Selon Mgr Raï, l’action de la communauté internationale, que ce soit au niveau des États ou du Conseil de sécurité, devrait tenir compte de ce paramètre. « Nous redoutons deux éléments : une guerre civile en Syrie ou l’avènement d’un régime radical ainsi que le démembrement du monde arabe en mini-États confessionnels », a-t-il dit, tout en insistant sur la nécessité, pour tous les régimes de la région, de respecter leurs peuples.
« Un génocide et non pas une démocratie »
Mgr Raï s’est étendu davantage sur ce point dans son interview à France 24, rappelant les attentats et les attaques contre les chrétiens d’Irak. « Lorsque des sociétés sont victimes de guerres, de crises économiques et de privation des droits élémentaires de l’homme, nous ne pouvons que nous inquiéter pour les chrétiens, parce que nous ne voulons pas qu’ils soient traités en tant qu’étrangers. Lorsque les régimes dans certains États sont religieux (…), nous vivons en danger permanent », a-t-il dit, avant d’ajouter : « Nous demandons à la communauté internationale, et notamment à la France, de ne pas faire preuve de précipitation dans l’adoption de décisions visant à obtenir des changements de régime. Ils voulaient une démocratie en Irak, mais cette démocratie a fauché des vies et n’arrête pas de faire des victimes innocentes. Tous les pays arabes sont sur la sellette. Quelle sera l’issue ? Qu’est-ce qui se passera en Syrie ? La communauté internationale et la France doivent réfléchir à l’avenir. (…) Est-ce qu’il y aura une guerre sunnito-alaouite dans ce pays ? Ce serait un génocide et non pas une démocratie ou des réformes », a-t-il averti, affirmant que « les États peuvent établir des conditions pour la démocratie et non pas lancer des guerres pour l’obtenir »
Mgr Raï a ensuite jugé nécessaire d’aider les chrétiens du monde arabe aux plans matériel, humain et spirituel « pour leur permettre de tenir bon dans leurs pays respectifs ».
Sur un autre plan, le patriarche a précisé, en réponse à une question, que le président français n’a pas évoqué un éventuel retrait des Casques bleus du Liban, mais qu’il a insisté sur le fait que Paris ne tolérera plus d’attaques contre eux.
Il s’est ensuite prononcé en faveur du Tribunal spécial pour le Liban, rappelant cependant que certains le considèrent politisé et faux. « Nous sommes contre la politisation et la falsification, mais nous sommes avec la justice et pour la séparation des pouvoirs », a-t-il ajouté.

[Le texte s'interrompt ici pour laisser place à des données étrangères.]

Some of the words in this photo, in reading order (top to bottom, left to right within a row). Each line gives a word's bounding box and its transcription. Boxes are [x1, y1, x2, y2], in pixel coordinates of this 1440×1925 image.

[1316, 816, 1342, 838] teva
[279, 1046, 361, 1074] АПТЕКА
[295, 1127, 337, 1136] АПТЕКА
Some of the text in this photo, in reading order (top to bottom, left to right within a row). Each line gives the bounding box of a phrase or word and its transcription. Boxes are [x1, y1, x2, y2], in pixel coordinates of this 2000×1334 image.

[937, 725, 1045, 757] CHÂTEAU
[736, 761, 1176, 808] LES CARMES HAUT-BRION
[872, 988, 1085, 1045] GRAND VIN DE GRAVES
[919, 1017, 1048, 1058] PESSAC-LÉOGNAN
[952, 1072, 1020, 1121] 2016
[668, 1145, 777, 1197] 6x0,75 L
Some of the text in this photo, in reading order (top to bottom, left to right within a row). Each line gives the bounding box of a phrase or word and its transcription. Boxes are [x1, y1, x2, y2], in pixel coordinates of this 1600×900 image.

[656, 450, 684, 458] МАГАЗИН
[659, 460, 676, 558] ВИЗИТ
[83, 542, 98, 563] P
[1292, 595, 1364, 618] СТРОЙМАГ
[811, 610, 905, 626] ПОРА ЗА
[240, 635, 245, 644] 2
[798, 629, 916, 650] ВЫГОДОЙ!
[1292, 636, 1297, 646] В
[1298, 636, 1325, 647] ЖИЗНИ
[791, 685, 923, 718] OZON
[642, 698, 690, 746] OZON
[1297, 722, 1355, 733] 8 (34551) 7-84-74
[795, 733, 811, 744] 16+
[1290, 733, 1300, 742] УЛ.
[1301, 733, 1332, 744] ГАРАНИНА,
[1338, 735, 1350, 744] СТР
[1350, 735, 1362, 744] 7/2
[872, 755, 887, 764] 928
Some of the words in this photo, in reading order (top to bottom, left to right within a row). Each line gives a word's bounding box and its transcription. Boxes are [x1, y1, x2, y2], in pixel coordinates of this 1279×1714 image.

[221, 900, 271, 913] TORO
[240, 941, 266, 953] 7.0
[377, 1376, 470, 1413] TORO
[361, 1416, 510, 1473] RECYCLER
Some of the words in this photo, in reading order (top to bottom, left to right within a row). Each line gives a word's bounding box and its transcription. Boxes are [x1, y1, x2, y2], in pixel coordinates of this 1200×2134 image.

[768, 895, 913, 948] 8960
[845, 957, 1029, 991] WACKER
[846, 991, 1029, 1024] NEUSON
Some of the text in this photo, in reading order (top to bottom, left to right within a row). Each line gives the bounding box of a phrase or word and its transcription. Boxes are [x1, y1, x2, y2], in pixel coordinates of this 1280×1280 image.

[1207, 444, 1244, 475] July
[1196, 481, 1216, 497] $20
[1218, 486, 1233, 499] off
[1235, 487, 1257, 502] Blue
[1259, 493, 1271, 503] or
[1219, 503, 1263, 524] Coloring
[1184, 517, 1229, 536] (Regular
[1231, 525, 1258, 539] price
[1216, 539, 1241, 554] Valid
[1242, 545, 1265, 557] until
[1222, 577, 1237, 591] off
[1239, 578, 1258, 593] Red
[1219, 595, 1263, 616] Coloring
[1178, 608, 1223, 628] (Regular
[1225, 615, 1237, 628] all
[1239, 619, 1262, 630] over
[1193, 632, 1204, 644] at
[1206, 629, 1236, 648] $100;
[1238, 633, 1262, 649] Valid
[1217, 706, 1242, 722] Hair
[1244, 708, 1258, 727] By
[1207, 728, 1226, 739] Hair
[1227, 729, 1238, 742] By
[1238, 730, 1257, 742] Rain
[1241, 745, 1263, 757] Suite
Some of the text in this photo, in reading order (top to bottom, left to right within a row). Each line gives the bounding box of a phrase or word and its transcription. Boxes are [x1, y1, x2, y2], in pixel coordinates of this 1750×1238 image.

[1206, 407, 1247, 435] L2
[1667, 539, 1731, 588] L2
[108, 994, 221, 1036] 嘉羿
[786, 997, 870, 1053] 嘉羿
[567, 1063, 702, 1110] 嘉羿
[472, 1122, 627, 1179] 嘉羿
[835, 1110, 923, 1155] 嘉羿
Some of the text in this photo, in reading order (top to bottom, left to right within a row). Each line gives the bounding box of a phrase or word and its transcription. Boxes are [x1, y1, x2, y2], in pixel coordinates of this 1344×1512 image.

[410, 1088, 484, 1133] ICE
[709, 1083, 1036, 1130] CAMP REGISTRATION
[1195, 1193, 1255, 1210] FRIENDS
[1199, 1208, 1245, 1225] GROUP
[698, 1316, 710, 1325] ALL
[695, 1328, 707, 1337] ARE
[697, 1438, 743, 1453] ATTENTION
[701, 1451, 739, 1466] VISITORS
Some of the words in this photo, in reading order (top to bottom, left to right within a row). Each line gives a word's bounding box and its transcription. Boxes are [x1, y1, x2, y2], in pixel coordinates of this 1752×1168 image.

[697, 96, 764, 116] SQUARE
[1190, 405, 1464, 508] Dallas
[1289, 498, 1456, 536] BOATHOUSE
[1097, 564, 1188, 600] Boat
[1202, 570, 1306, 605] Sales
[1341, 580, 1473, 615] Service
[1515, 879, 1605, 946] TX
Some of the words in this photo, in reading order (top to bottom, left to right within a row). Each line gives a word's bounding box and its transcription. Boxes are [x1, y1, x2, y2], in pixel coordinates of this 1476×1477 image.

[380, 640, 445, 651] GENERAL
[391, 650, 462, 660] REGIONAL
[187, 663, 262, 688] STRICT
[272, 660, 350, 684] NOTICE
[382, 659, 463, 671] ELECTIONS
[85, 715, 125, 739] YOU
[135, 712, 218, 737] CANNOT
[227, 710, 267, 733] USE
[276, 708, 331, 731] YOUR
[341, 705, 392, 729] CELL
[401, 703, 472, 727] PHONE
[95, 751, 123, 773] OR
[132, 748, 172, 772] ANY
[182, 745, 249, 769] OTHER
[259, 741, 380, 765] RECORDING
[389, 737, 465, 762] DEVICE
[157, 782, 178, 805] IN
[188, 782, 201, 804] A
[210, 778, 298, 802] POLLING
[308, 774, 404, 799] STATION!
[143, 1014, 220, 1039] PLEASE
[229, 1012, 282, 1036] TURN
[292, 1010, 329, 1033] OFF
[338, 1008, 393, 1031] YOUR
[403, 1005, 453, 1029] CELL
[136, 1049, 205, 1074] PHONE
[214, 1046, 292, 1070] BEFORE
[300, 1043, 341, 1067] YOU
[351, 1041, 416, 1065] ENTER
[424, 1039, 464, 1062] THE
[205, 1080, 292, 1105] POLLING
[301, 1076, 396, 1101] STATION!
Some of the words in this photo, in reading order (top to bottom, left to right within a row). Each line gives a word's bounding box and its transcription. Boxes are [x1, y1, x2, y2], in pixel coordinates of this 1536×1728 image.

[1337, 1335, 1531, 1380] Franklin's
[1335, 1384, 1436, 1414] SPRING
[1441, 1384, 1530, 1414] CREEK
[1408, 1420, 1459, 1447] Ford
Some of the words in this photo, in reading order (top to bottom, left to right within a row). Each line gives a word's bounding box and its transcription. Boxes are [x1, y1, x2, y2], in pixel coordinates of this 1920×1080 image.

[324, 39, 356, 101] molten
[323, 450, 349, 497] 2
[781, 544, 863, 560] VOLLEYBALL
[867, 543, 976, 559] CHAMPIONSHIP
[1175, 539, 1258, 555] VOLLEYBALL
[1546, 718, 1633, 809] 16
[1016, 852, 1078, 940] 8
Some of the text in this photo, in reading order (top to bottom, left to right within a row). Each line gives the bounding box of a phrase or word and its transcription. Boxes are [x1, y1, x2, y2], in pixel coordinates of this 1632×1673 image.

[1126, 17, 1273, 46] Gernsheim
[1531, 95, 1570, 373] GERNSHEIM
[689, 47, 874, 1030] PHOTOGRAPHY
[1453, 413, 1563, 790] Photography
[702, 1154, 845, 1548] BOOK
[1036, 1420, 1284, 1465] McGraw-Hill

Plus tard dans la journée, les services du Premier ministre Fillon ont réaffirmé, dans un communiqué, « la force des liens qui unissent la France à la communauté maronite, ainsi que son attachement à un Liban pluraliste, multiconfessionnel, indépendant et stable ».
Les deux hommes ont abordé la question des communautés chrétiennes d’Orient, une « préoccupation prioritaire de la France », selon Matignon. Le chef du gouvernement a d’ailleurs confié à ce sujet au sénateur Adrien Gouteyron une mission d’étude et de proposition dont les conclusions seront connues « avant la fin de l’année », selon le communiqué.